» **Supplied records**:

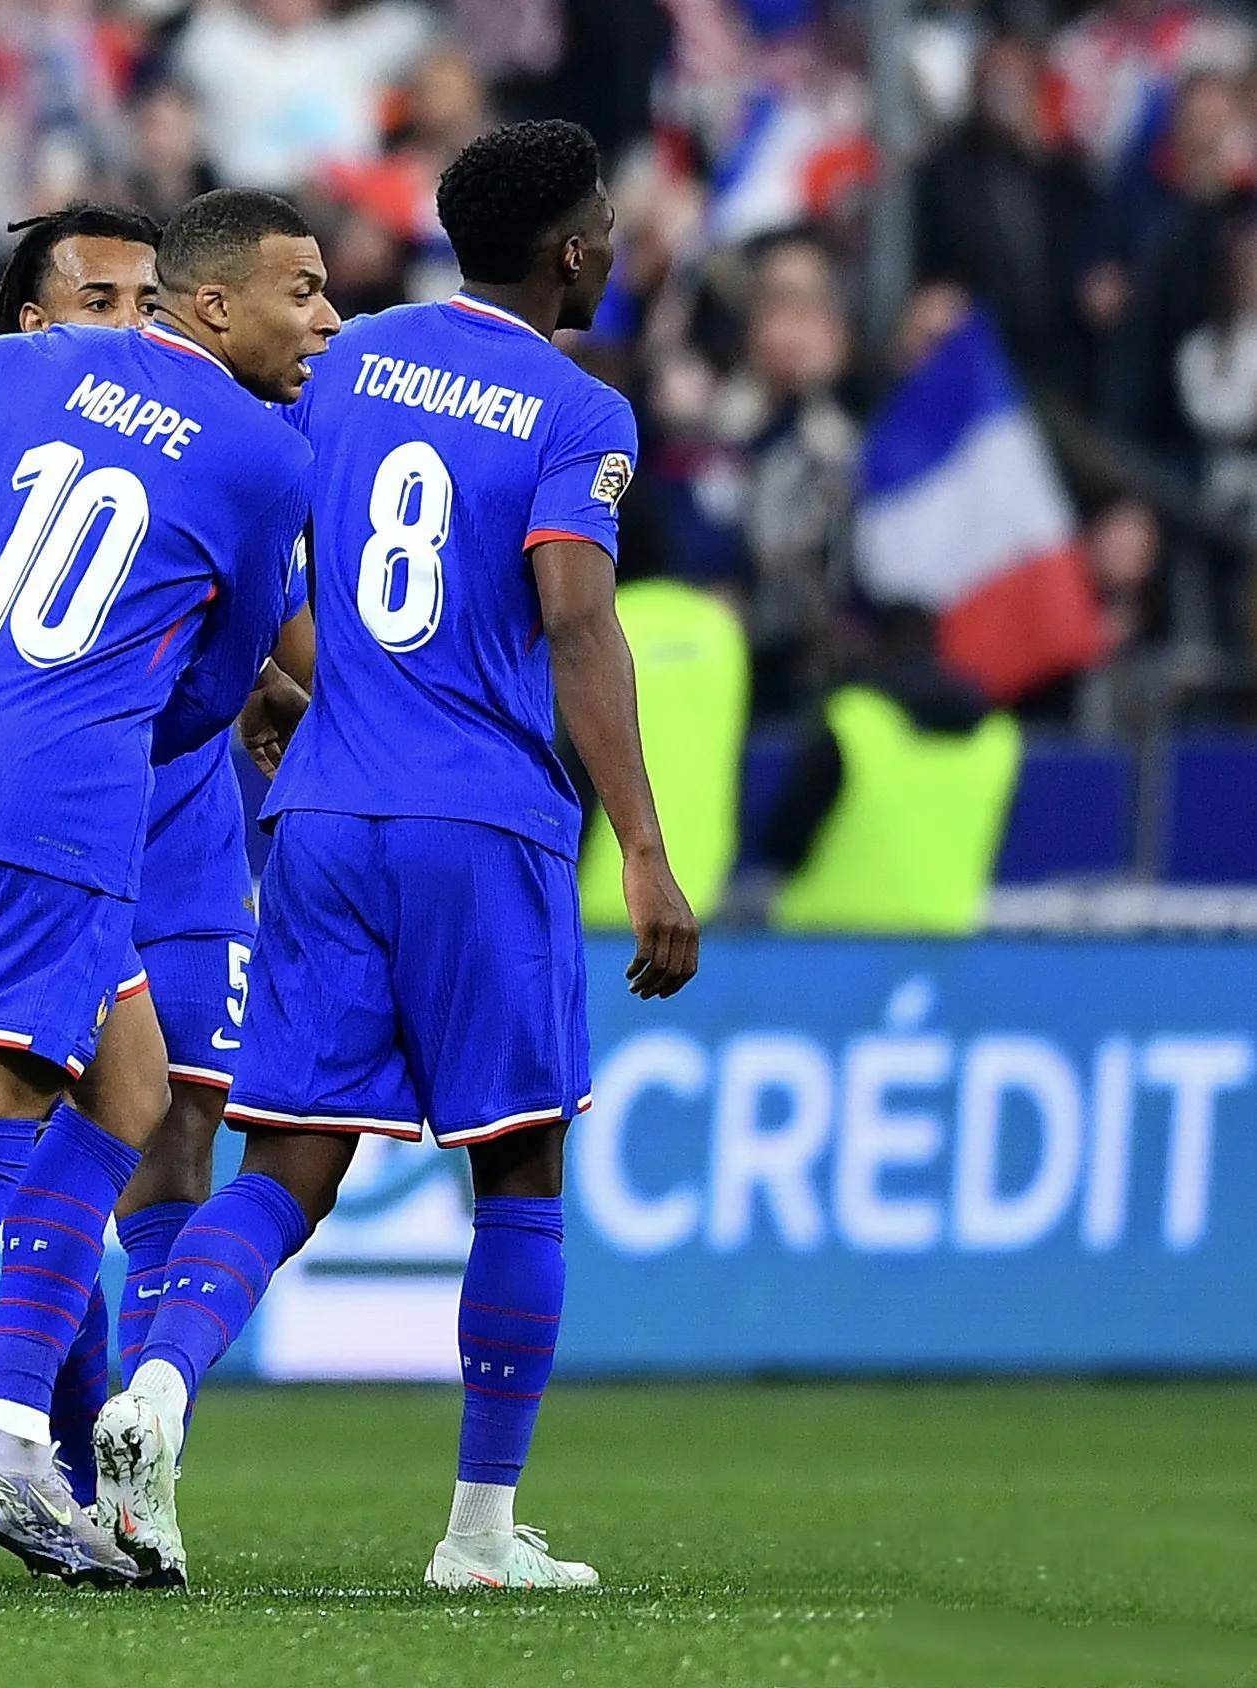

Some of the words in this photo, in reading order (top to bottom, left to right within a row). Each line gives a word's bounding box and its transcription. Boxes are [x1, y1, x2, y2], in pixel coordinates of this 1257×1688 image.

[64, 373, 202, 460] MBAPPE
[353, 353, 543, 440] TCHOUAMENI
[356, 440, 453, 653] 8
[226, 941, 252, 1028] 5
[571, 974, 1255, 1257] CRÉDIT

» **Work to complete**:
Print all entries exactly; skip the pictures.

» **Response to the exercise**:
Some of the words in this photo, in reading order (top to bottom, left to right within a row). Each line gives a word's bounding box and its transcription. Boxes are [x1, y1, x2, y2], in pixel coordinates of this 1257×1688 image.

[64, 373, 202, 460] MBAPPE
[353, 353, 543, 440] TCHOUAMENI
[356, 440, 453, 653] 8
[226, 941, 252, 1028] 5
[571, 974, 1255, 1257] CRÉDIT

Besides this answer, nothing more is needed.